[How to complete this task]
Except for the pictures, output the records in full and exactly.
Start of Block
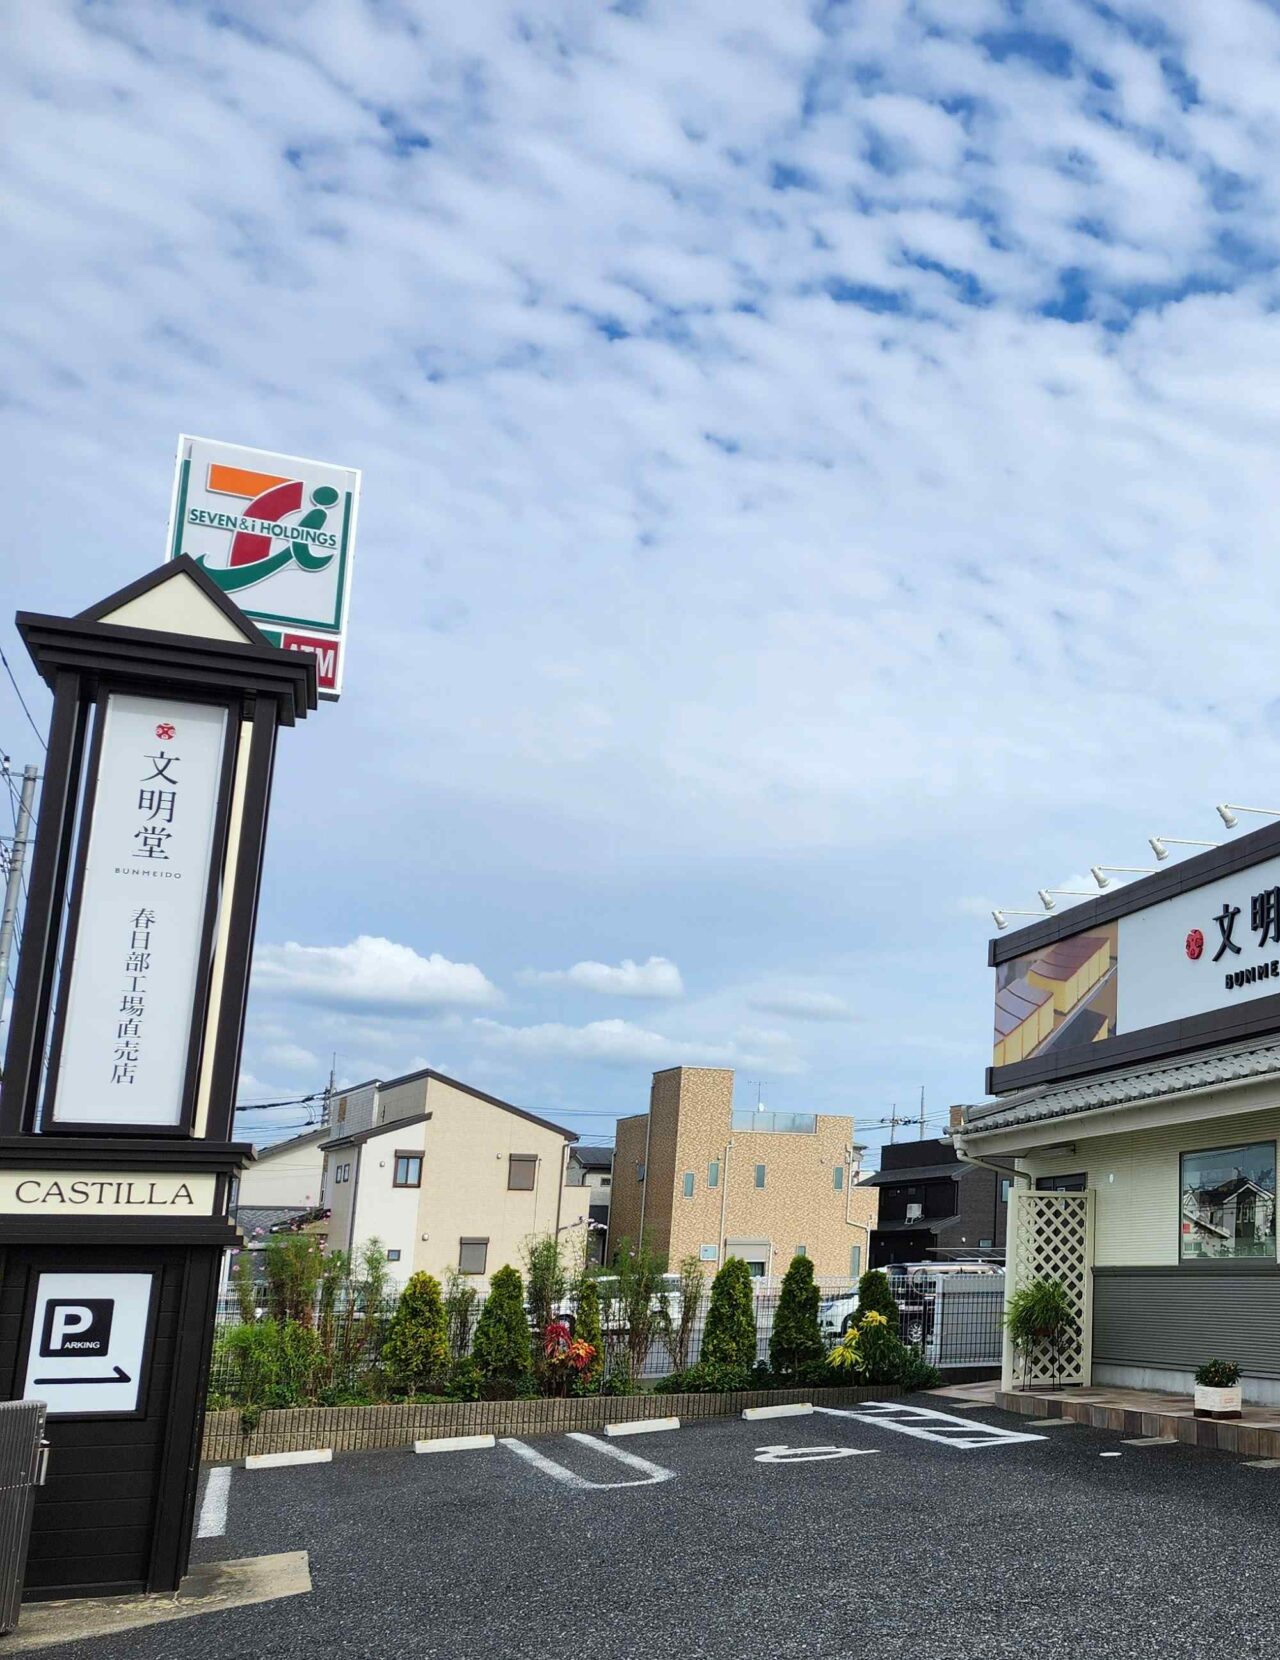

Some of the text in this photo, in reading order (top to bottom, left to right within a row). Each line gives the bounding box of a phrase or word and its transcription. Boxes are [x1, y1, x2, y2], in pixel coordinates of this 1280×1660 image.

[260, 522, 337, 547] HOLDINGS
[131, 750, 182, 861] 文明堂
[114, 867, 183, 879] BUNMEIDO
[110, 907, 156, 1085] 春日部工場直売店
[14, 1180, 195, 1205] CASTILLA
End of Block
[Solution]
Some of the text in this photo, in reading order (top to bottom, left to right within a row). Each line gives the bounding box of a phrase or word and its transcription. Boxes are [x1, y1, x2, y2], in pixel coordinates of this 1280×1660 image.

[260, 522, 337, 547] HOLDINGS
[131, 750, 182, 861] 文明堂
[114, 867, 183, 879] BUNMEIDO
[110, 907, 156, 1085] 春日部工場直売店
[14, 1180, 195, 1205] CASTILLA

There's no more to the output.